Without copying any picture, transcribe exactly the lines of the data below from the one containing "this 2576×804 image." through the one containing "Some of the words".

*** Block opens ***

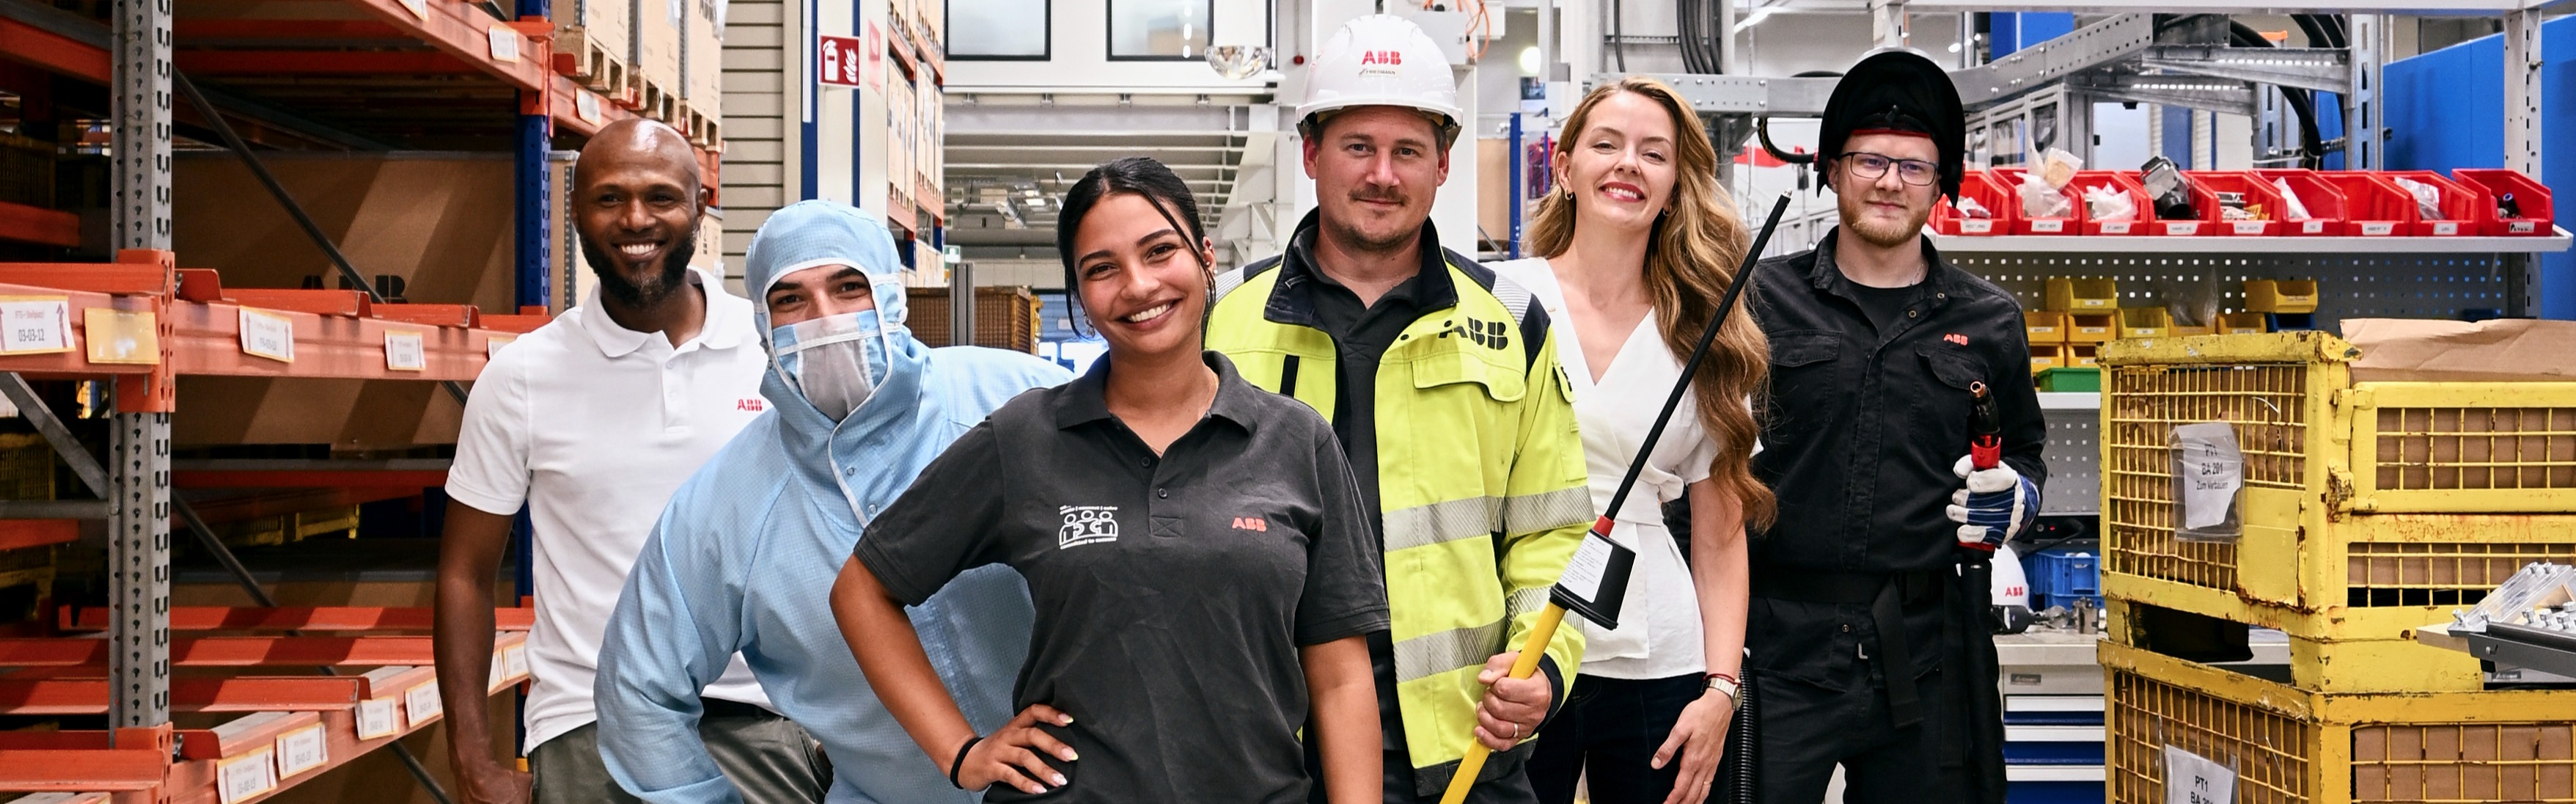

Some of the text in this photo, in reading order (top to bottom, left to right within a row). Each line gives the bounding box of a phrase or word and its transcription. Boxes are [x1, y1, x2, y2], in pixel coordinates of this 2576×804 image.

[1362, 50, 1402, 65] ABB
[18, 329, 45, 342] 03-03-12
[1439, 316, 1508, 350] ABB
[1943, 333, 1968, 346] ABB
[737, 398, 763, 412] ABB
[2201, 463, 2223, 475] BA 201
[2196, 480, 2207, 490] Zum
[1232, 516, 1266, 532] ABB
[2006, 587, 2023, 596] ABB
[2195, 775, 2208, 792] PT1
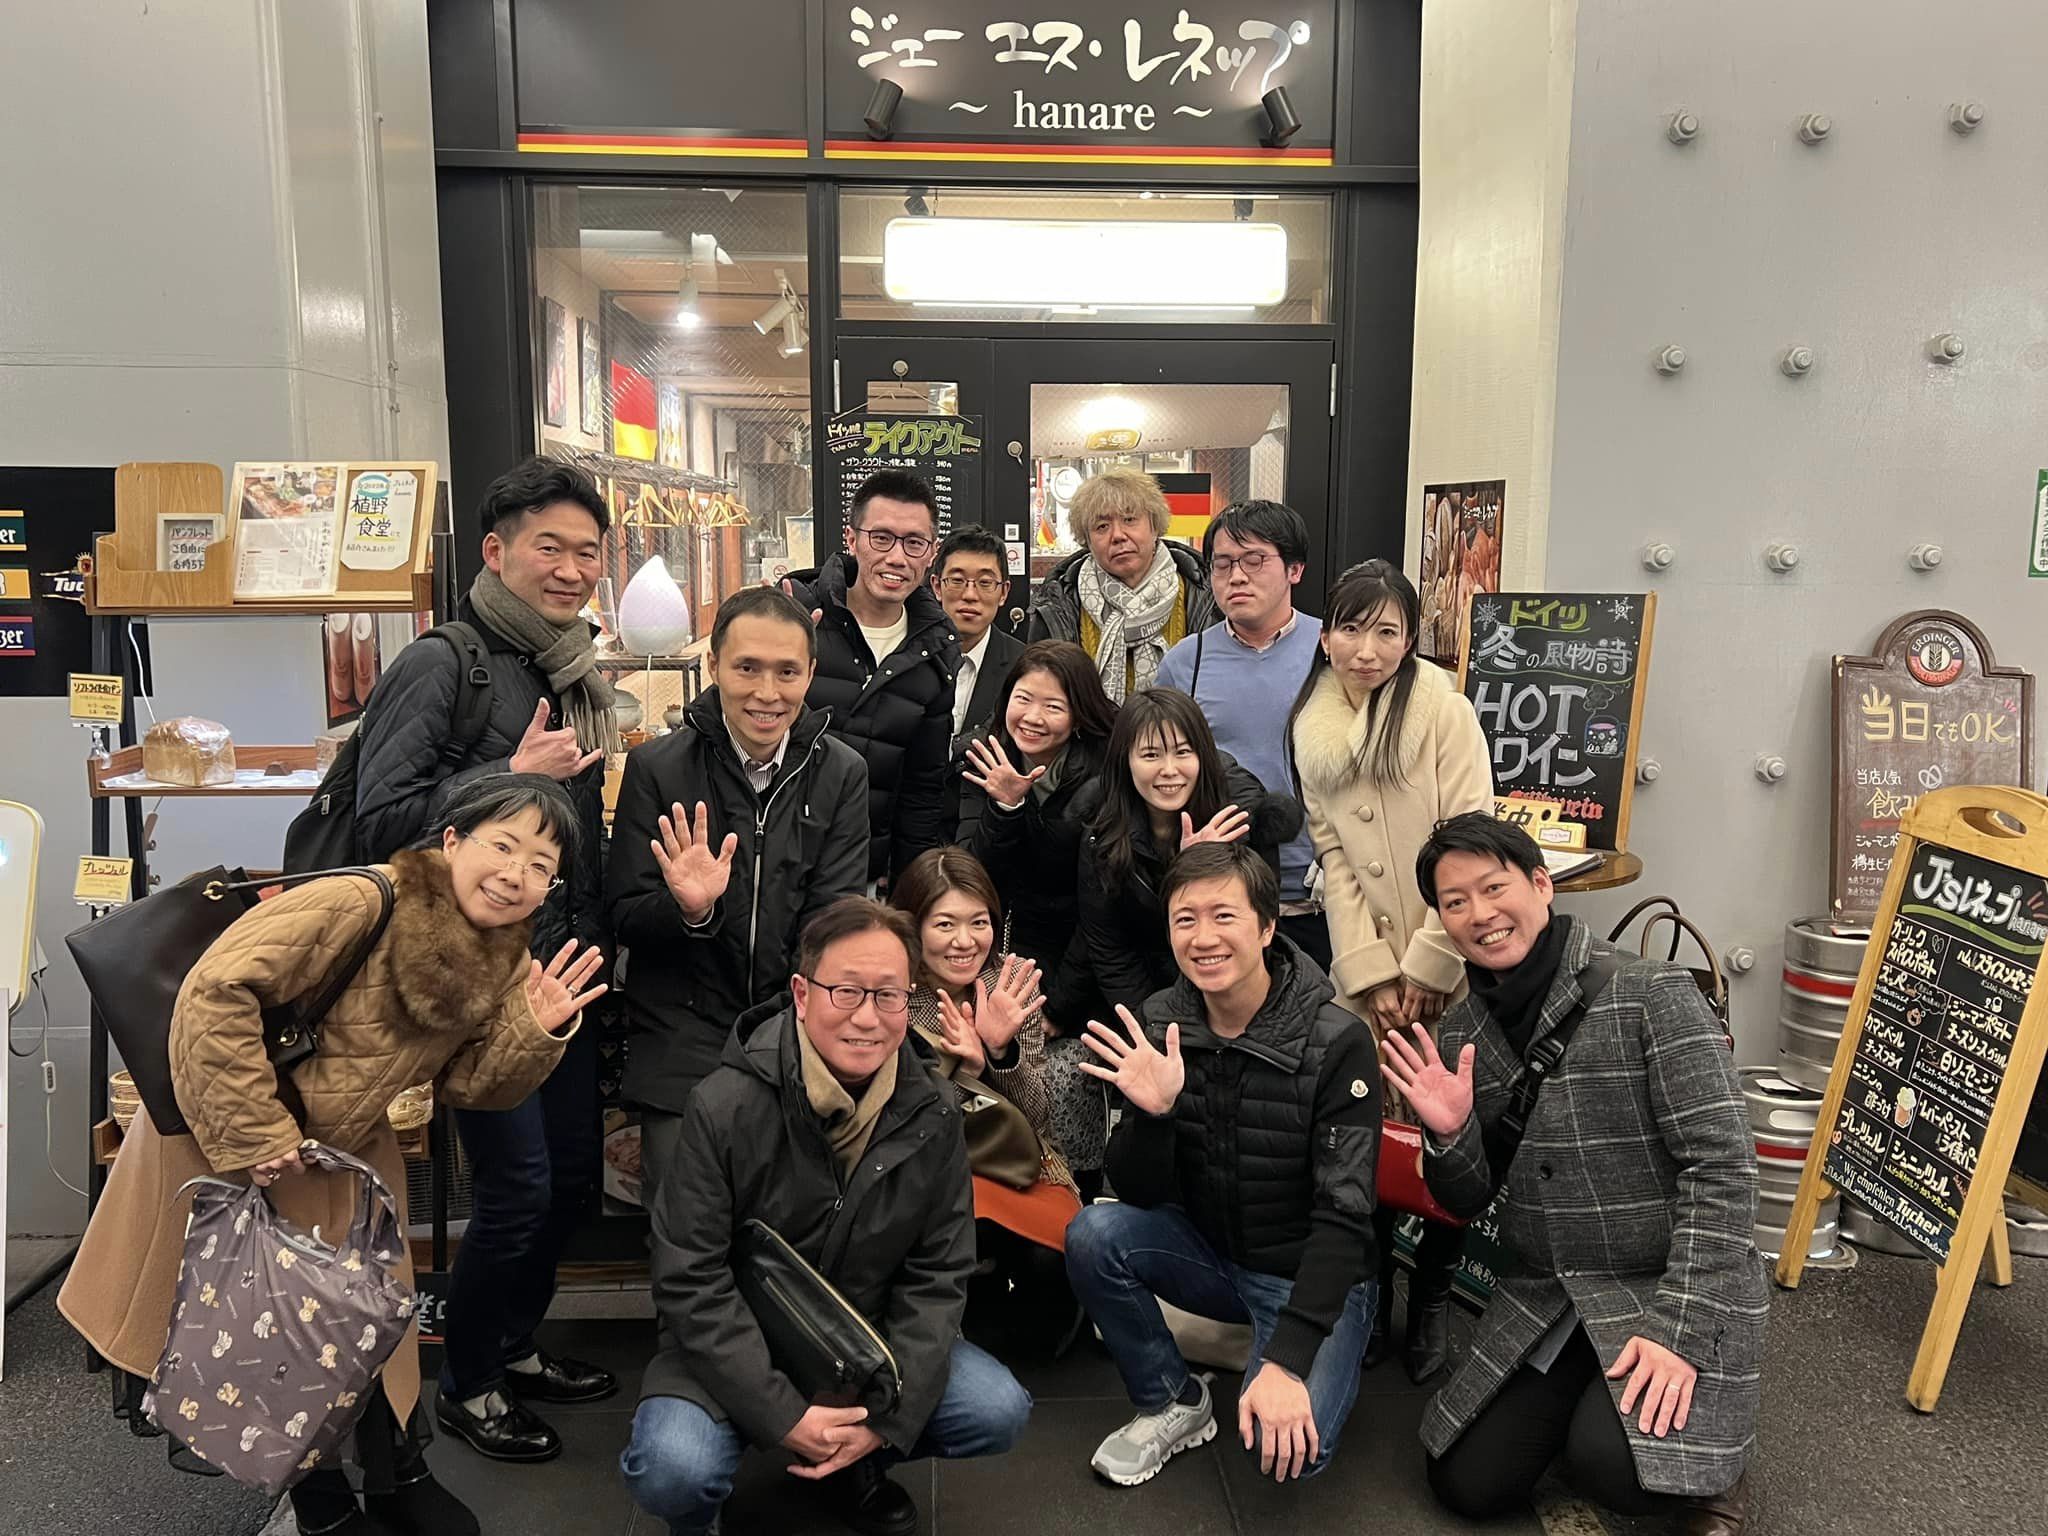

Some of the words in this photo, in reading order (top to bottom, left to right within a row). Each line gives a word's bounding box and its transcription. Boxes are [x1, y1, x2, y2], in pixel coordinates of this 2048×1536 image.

*** Block closes ***
*** Block opens ***

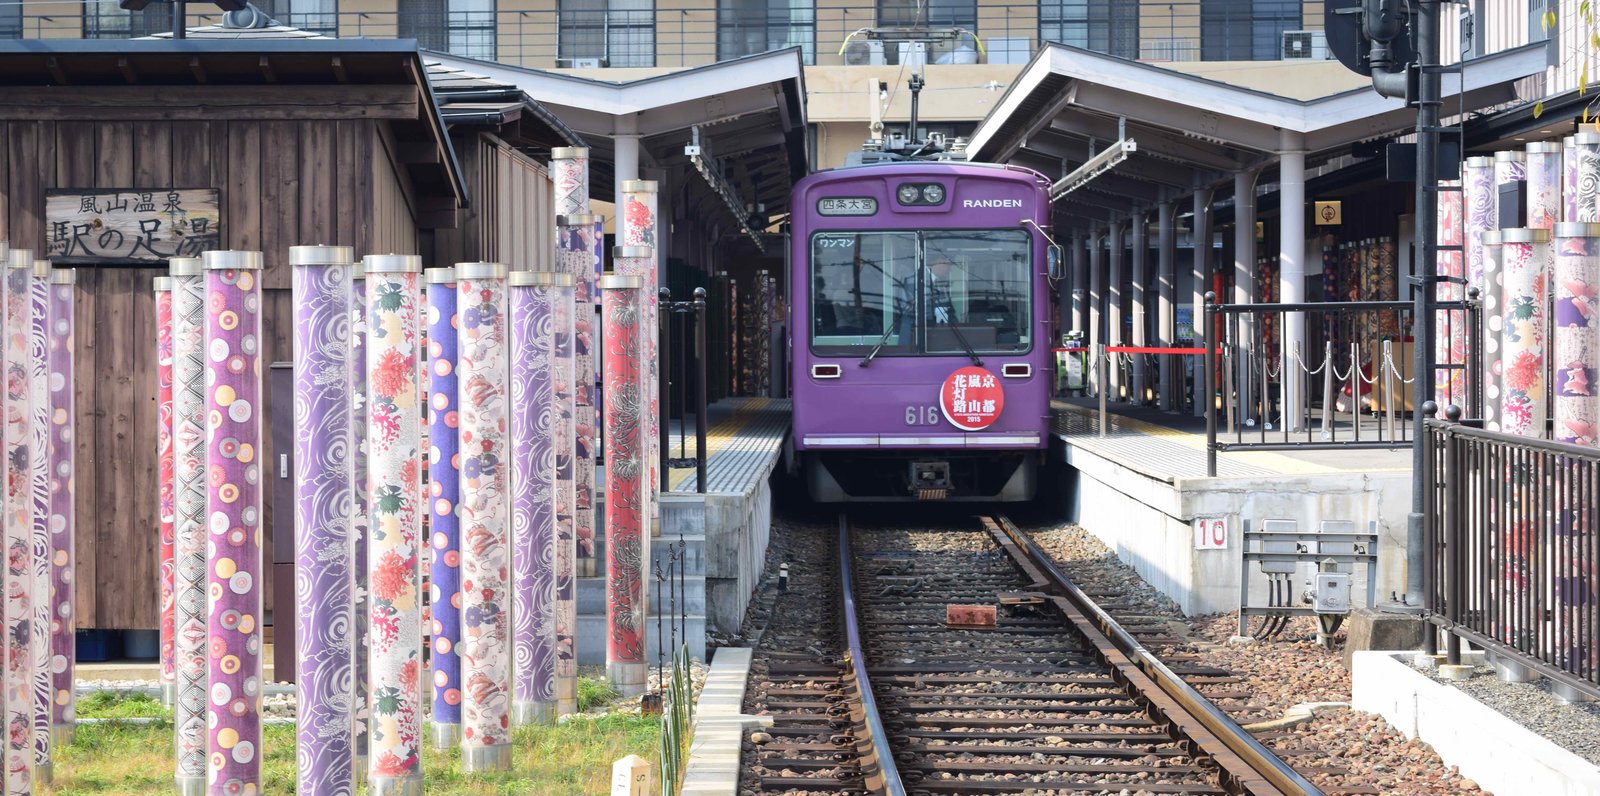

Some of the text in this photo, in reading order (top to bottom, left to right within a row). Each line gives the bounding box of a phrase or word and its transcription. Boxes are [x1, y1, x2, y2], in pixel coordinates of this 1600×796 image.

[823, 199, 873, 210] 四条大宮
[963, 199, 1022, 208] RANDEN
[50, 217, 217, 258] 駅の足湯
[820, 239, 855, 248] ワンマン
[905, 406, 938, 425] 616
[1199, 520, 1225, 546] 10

*** Block closes ***

EXERCISE ANSWER:
Some of the text in this photo, in reading order (top to bottom, left to right within a row). Each line gives the bounding box of a phrase or word and its transcription. Boxes are [x1, y1, x2, y2], in pixel coordinates of this 2576×804 image.

[1362, 50, 1402, 65] ABB
[18, 329, 45, 342] 03-03-12
[1439, 316, 1508, 350] ABB
[1943, 333, 1968, 346] ABB
[737, 398, 763, 412] ABB
[2201, 463, 2223, 475] BA 201
[2196, 480, 2207, 490] Zum
[1232, 516, 1266, 532] ABB
[2006, 587, 2023, 596] ABB
[2195, 775, 2208, 792] PT1

Some of the words in this photo, in reading order (top to bottom, left to right within a row). Each line gives a word's bounding box and its transcription. Boxes are [x1, y1, x2, y2], in pixel coordinates of this 2048×1536 image.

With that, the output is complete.